== TASK INSTRUCTIONS ==
Retype the records below exactly as they stand, omitting the pictures.

Top of EXERCISE DATA

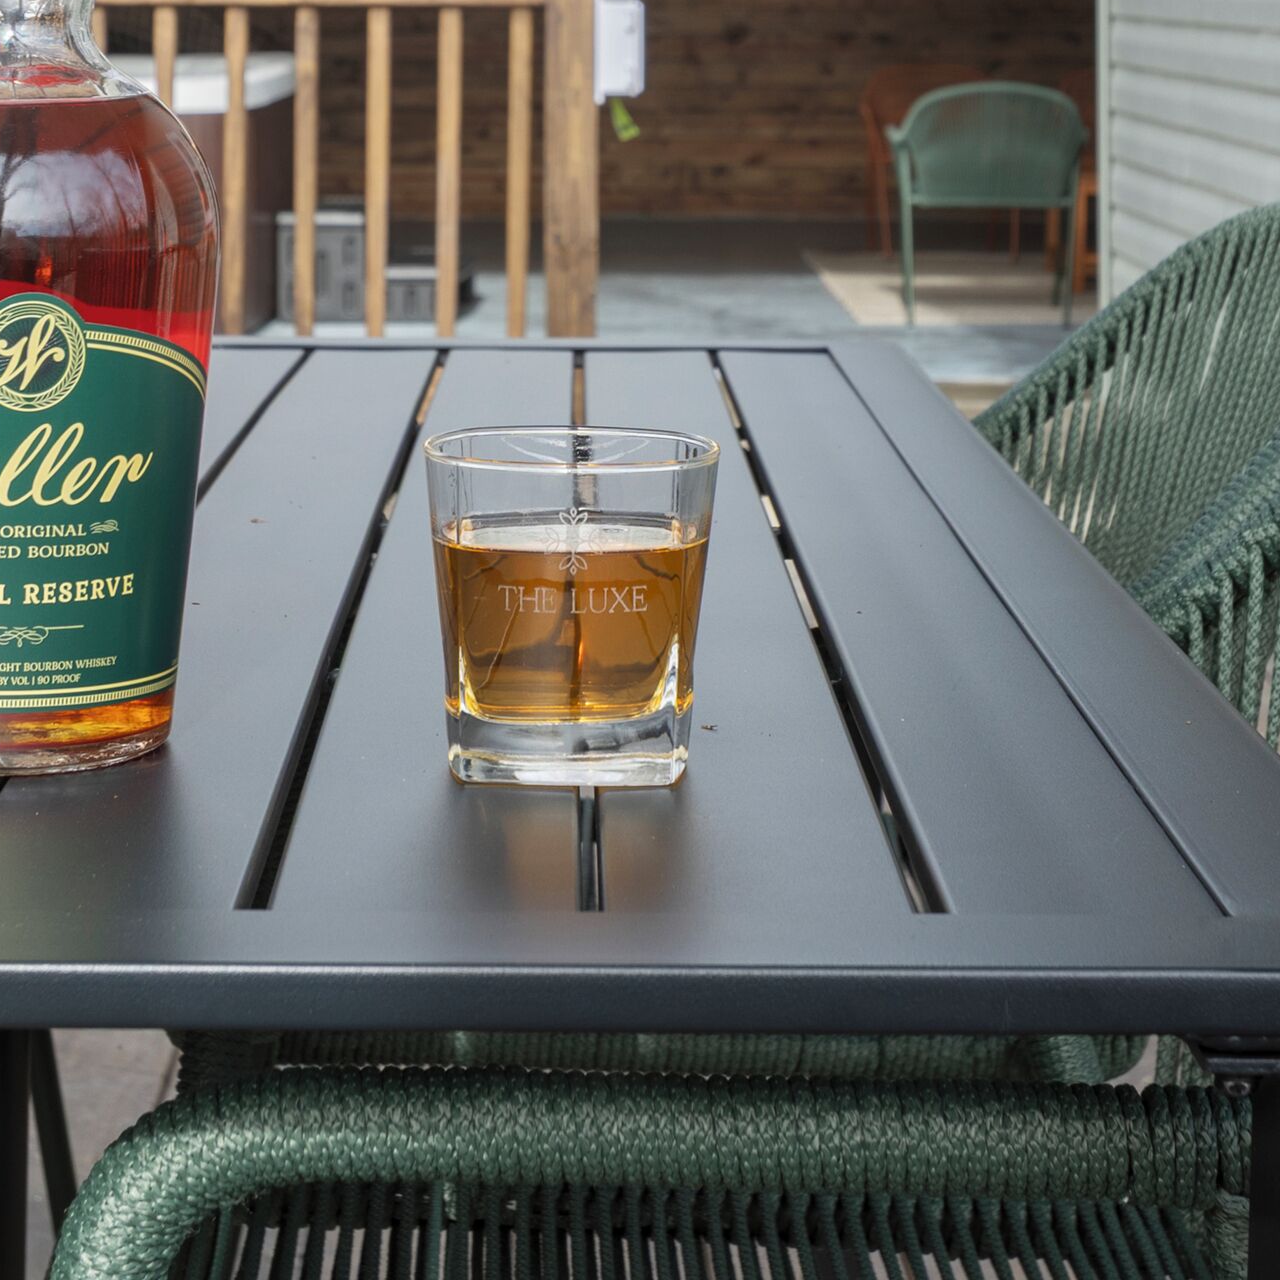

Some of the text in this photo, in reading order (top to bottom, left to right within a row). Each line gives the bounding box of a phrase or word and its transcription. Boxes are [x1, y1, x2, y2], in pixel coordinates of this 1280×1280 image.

[0, 523, 87, 538] ORIGINAL
[27, 542, 110, 559] BOURBON
[23, 573, 134, 605] RESERVE
[497, 584, 648, 614] THE LUXE
[23, 660, 73, 672] BOURBON
[75, 655, 118, 669] WHISKEY
[10, 676, 30, 686] VOL
[37, 675, 50, 685] 90
[51, 673, 81, 684] PROOF
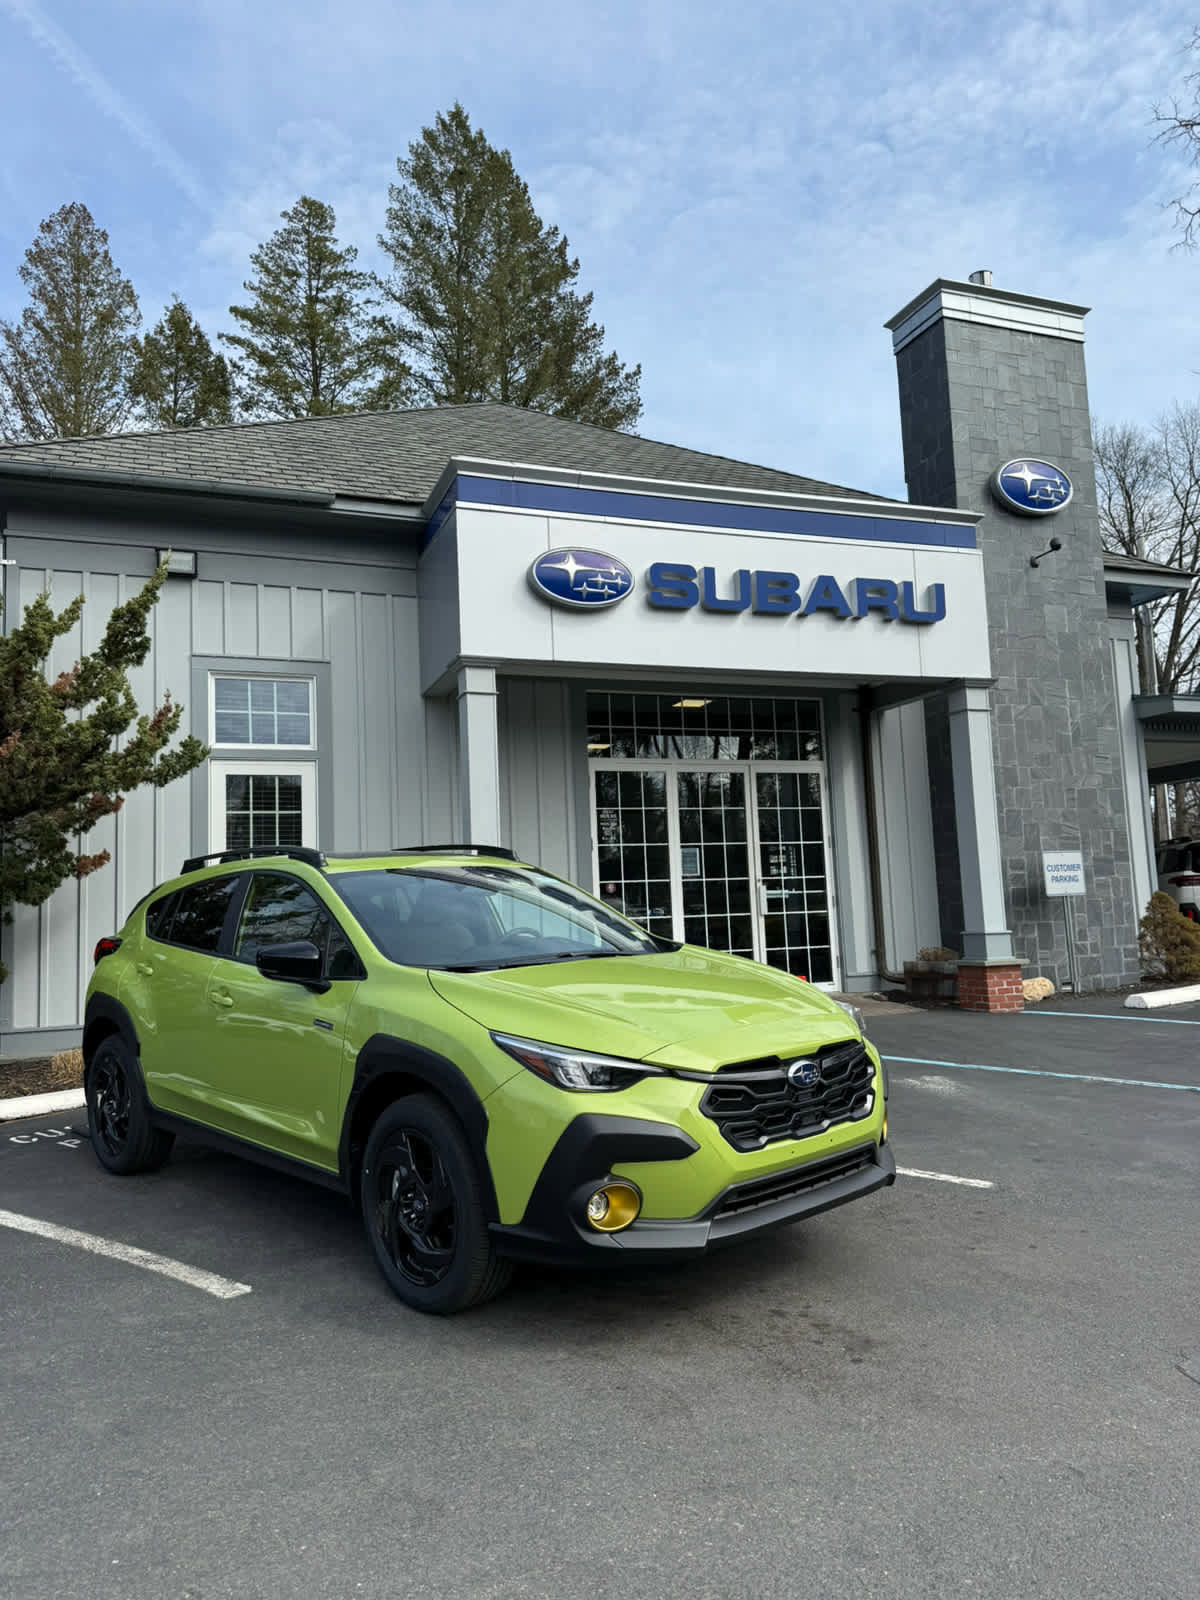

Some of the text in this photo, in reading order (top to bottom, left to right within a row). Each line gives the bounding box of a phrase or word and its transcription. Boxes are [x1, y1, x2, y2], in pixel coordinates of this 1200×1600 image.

[646, 562, 946, 623] SUBARU
[1046, 864, 1081, 873] CUSTOMER
[1050, 875, 1079, 884] PARKING
[9, 1126, 72, 1144] CU

Bottom of EXERCISE DATA

== ANSWER SECTION ==
Some of the text in this photo, in reading order (top to bottom, left to right within a row). Each line gives the bounding box of a phrase or word and its transcription. Boxes are [x1, y1, x2, y2], in pixel coordinates of this 1280×1280 image.

[0, 523, 87, 538] ORIGINAL
[27, 542, 110, 559] BOURBON
[23, 573, 134, 605] RESERVE
[497, 584, 648, 614] THE LUXE
[23, 660, 73, 672] BOURBON
[75, 655, 118, 669] WHISKEY
[10, 676, 30, 686] VOL
[37, 675, 50, 685] 90
[51, 673, 81, 684] PROOF

Some of the text in this photo, in reading order (top to bottom, left to right within a row). Each line gives the bounding box of a phrase or word and its transcription. Boxes are [x1, y1, x2, y2], in pixel coordinates of this 1200×1600 image.

[646, 562, 946, 623] SUBARU
[1046, 864, 1081, 873] CUSTOMER
[1050, 875, 1079, 884] PARKING
[9, 1126, 72, 1144] CU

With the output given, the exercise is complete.